_Information:_
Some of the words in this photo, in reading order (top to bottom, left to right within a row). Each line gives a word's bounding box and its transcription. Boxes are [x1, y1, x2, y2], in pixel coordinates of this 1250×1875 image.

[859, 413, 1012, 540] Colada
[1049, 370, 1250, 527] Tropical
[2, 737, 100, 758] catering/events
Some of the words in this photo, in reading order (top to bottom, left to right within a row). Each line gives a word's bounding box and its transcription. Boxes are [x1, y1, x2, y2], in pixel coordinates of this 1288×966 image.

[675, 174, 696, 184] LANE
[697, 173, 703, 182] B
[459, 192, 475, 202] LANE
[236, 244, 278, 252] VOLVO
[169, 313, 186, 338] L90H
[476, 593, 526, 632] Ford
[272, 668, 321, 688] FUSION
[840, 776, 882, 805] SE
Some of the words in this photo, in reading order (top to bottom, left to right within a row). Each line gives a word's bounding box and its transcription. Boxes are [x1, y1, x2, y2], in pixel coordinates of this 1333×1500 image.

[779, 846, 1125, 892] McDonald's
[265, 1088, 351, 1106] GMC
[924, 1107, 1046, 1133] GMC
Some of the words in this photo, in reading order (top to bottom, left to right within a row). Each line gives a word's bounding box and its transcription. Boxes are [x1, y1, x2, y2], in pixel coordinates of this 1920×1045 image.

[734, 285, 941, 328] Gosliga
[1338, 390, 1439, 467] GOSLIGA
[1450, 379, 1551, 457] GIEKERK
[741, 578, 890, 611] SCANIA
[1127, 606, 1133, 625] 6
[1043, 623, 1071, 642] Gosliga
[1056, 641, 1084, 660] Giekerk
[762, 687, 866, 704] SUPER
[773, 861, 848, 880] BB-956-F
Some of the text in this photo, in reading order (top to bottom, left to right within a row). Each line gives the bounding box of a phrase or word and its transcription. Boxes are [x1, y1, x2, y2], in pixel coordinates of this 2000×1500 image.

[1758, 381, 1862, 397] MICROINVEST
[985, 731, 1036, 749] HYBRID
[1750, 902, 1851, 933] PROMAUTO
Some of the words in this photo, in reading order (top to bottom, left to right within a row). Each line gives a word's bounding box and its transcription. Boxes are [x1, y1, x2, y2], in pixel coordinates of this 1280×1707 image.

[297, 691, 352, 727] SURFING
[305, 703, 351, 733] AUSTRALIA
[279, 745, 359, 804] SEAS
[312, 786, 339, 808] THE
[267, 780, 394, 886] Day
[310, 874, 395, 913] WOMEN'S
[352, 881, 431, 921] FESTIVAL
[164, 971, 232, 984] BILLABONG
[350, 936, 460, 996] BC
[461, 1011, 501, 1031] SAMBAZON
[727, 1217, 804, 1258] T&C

_Exercise requirements:_
Each entry above is to be duplicated exactly, with nothing left out.

_Answer section:_
Some of the words in this photo, in reading order (top to bottom, left to right within a row). Each line gives a word's bounding box and its transcription. Boxes are [x1, y1, x2, y2], in pixel coordinates of this 1250×1875 image.

[859, 413, 1012, 540] Colada
[1049, 370, 1250, 527] Tropical
[2, 737, 100, 758] catering/events
Some of the words in this photo, in reading order (top to bottom, left to right within a row). Each line gives a word's bounding box and its transcription. Boxes are [x1, y1, x2, y2], in pixel coordinates of this 1288×966 image.

[675, 174, 696, 184] LANE
[697, 173, 703, 182] B
[459, 192, 475, 202] LANE
[236, 244, 278, 252] VOLVO
[169, 313, 186, 338] L90H
[476, 593, 526, 632] Ford
[272, 668, 321, 688] FUSION
[840, 776, 882, 805] SE
Some of the words in this photo, in reading order (top to bottom, left to right within a row). Each line gives a word's bounding box and its transcription. Boxes are [x1, y1, x2, y2], in pixel coordinates of this 1333×1500 image.

[779, 846, 1125, 892] McDonald's
[265, 1088, 351, 1106] GMC
[924, 1107, 1046, 1133] GMC
Some of the words in this photo, in reading order (top to bottom, left to right within a row). Each line gives a word's bounding box and its transcription. Boxes are [x1, y1, x2, y2], in pixel coordinates of this 1920×1045 image.

[734, 285, 941, 328] Gosliga
[1338, 390, 1439, 467] GOSLIGA
[1450, 379, 1551, 457] GIEKERK
[741, 578, 890, 611] SCANIA
[1127, 606, 1133, 625] 6
[1043, 623, 1071, 642] Gosliga
[1056, 641, 1084, 660] Giekerk
[762, 687, 866, 704] SUPER
[773, 861, 848, 880] BB-956-F
Some of the text in this photo, in reading order (top to bottom, left to right within a row). Each line gives the bounding box of a phrase or word and its transcription. Boxes are [x1, y1, x2, y2], in pixel coordinates of this 2000×1500 image.

[1758, 381, 1862, 397] MICROINVEST
[985, 731, 1036, 749] HYBRID
[1750, 902, 1851, 933] PROMAUTO
Some of the words in this photo, in reading order (top to bottom, left to right within a row). Each line gives a word's bounding box and its transcription. Boxes are [x1, y1, x2, y2], in pixel coordinates of this 1280×1707 image.

[297, 691, 352, 727] SURFING
[305, 703, 351, 733] AUSTRALIA
[279, 745, 359, 804] SEAS
[312, 786, 339, 808] THE
[267, 780, 394, 886] Day
[310, 874, 395, 913] WOMEN'S
[352, 881, 431, 921] FESTIVAL
[164, 971, 232, 984] BILLABONG
[350, 936, 460, 996] BC
[461, 1011, 501, 1031] SAMBAZON
[727, 1217, 804, 1258] T&C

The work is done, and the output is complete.